Inter-model reliability: Agreement among the three LLMs on the global score will be estimated with a two-way random-effects ICC for multiple raters; for criterion-level categorical scores, Fleiss' kappa and Gwet's AC will be used. Pairwise model comparisons will also be reported.

Intra-model (test-retest) reliability: For each model, agreement between duplicate runs will be quantified with the ICC and the percentage of exact agreement for categorical criteria, complemented by Gwet's AC. The standard error of measurement (SEM) and the minimal detectable change (MDC95) will be derived from the ICC to express measurement precision in score units.

Feedback quality (qualitative and quantitative): The qualitative feedback will be analyzed through structured content analysis with predefined categories aligned to the rubric dimensions. The number of specific, actionable comments and the coverage of case dimensions (reasoning, technique, communication, ethics) will be counted for each rater type and compared using chi-square or Fisher's exact tests for proportions and Kruskal-Wallis tests for counts, with appropriate post-hoc comparisons. Inter-coder reliability for the content-analysis coding will itself be reported (Cohen's or Gwet's coefficient) to ensure the trustworthiness of the categorization.

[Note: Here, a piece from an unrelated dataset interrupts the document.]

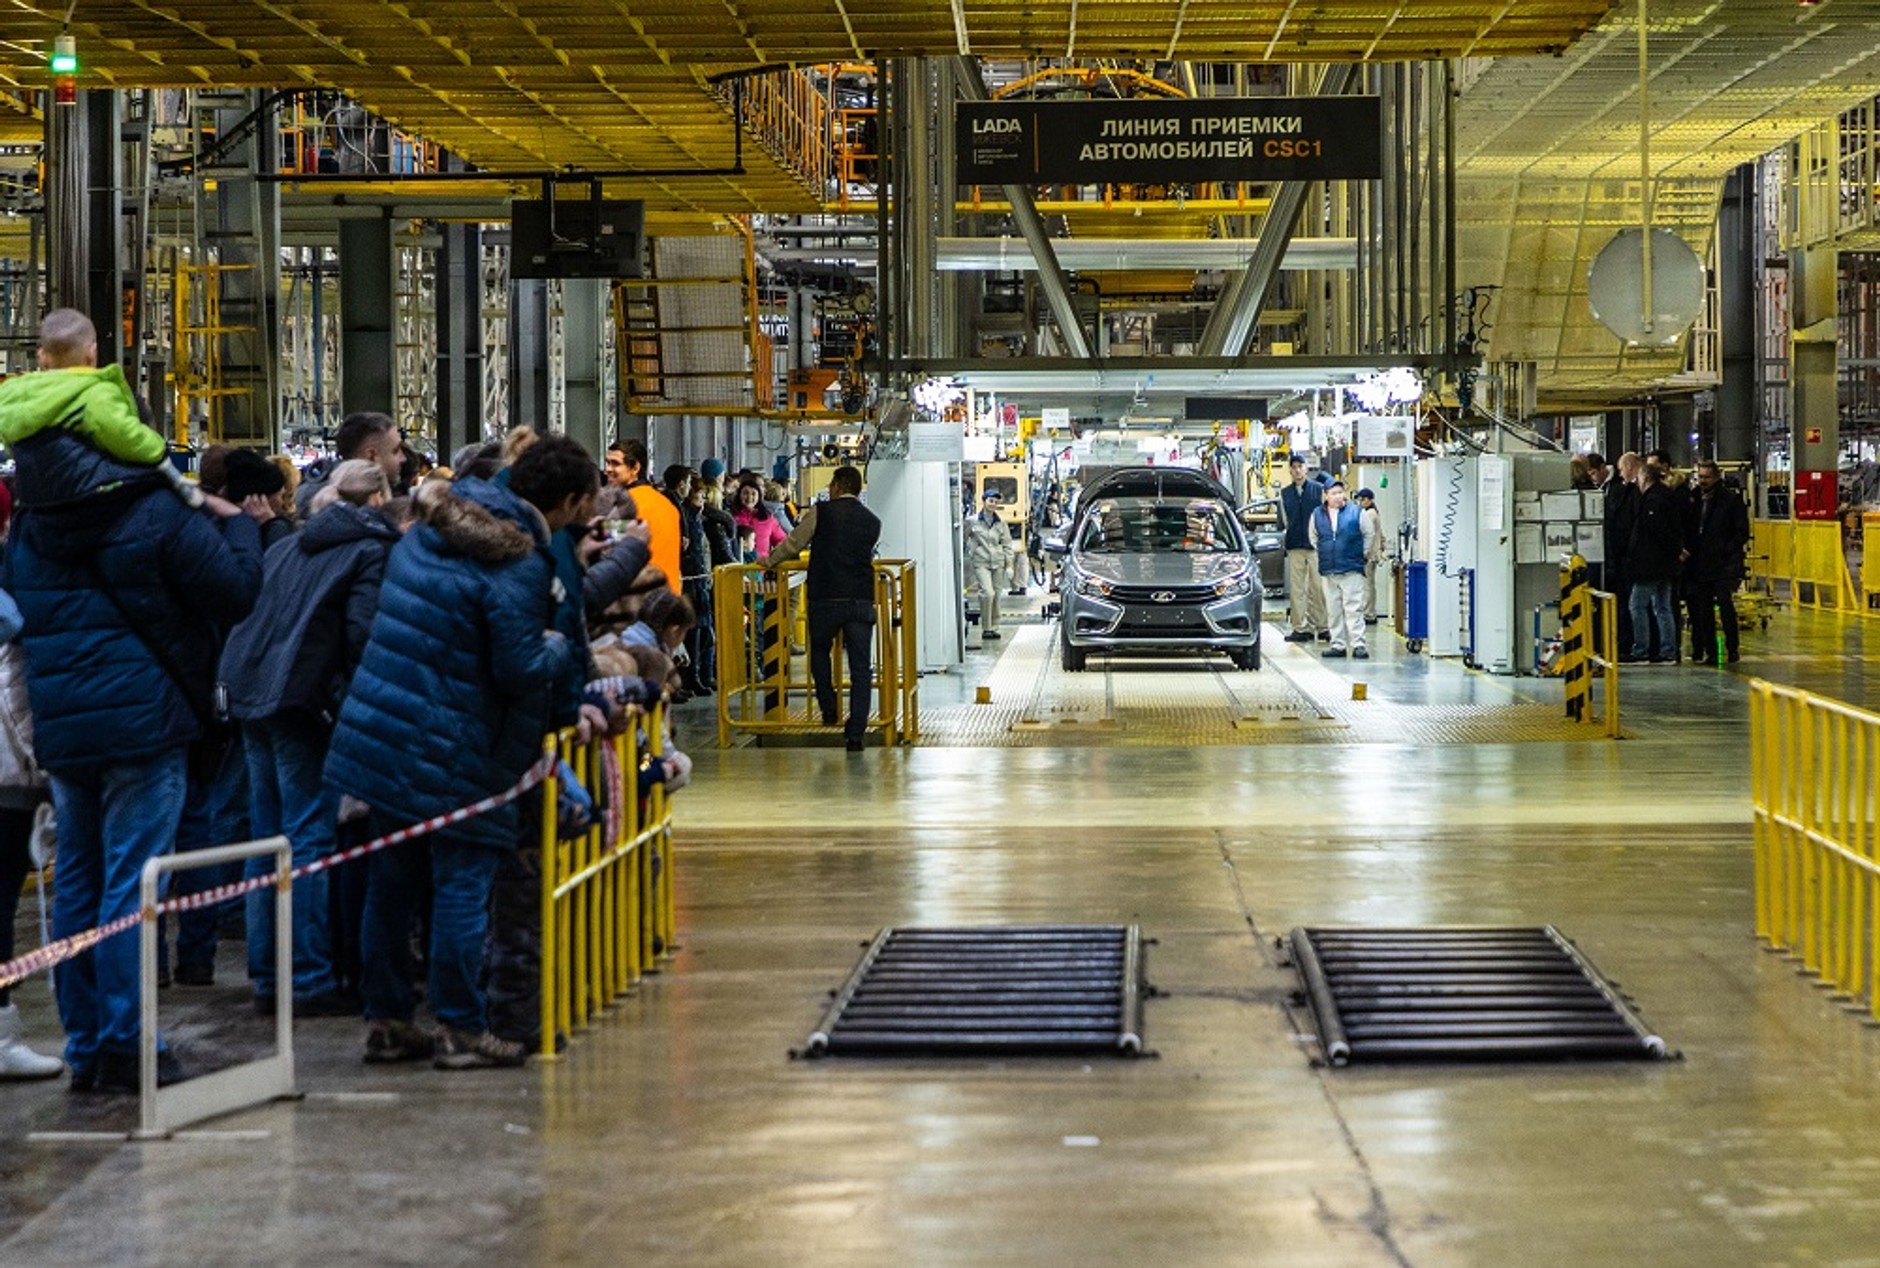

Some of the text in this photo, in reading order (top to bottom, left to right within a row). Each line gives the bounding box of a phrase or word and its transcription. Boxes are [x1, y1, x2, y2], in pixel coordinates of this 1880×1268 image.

[973, 118, 1022, 133] LADA
[1100, 116, 1302, 137] ЛИНИЯ ПРИЕМКИ
[1079, 137, 1322, 161] АВТОМОБИЛЕЙ CSC1

Efficiency: Mean evaluation time will be compared between humans and each LLM using paired t-tests or Wilcoxon signed-rank tests depending on distribution. Cost per evaluation (faculty time valued at standard institutional rates and LLM usage fees) will be summarized descriptively.

Student perception: Likert responses will be summarized as medians and IQRs and as the proportion of favorable responses. Differences in perceived usefulness between human and AI feedback will be tested with the Wilcoxon signed-rank test, and the Friedman test will be used when more than two feedback sources are compared, with appropriate post-hoc analysis.

Handling of the reference-standard contingency: If two independent faculty ratings are obtained, human-human reliability will be reported and the mean or consensus score used as the reference for all LLM comparisons; if only a single faculty rating (or the official course grade) is available, that single value serves as the reference, the absence of an in-study human-human reliability estimate is reported as a limitation, and, where available, historical course data on faculty agreement are cited as external context. The AI-centered analyses (inter-model and intra-model reliability) are unaffected by this contingency and are performed in all cases.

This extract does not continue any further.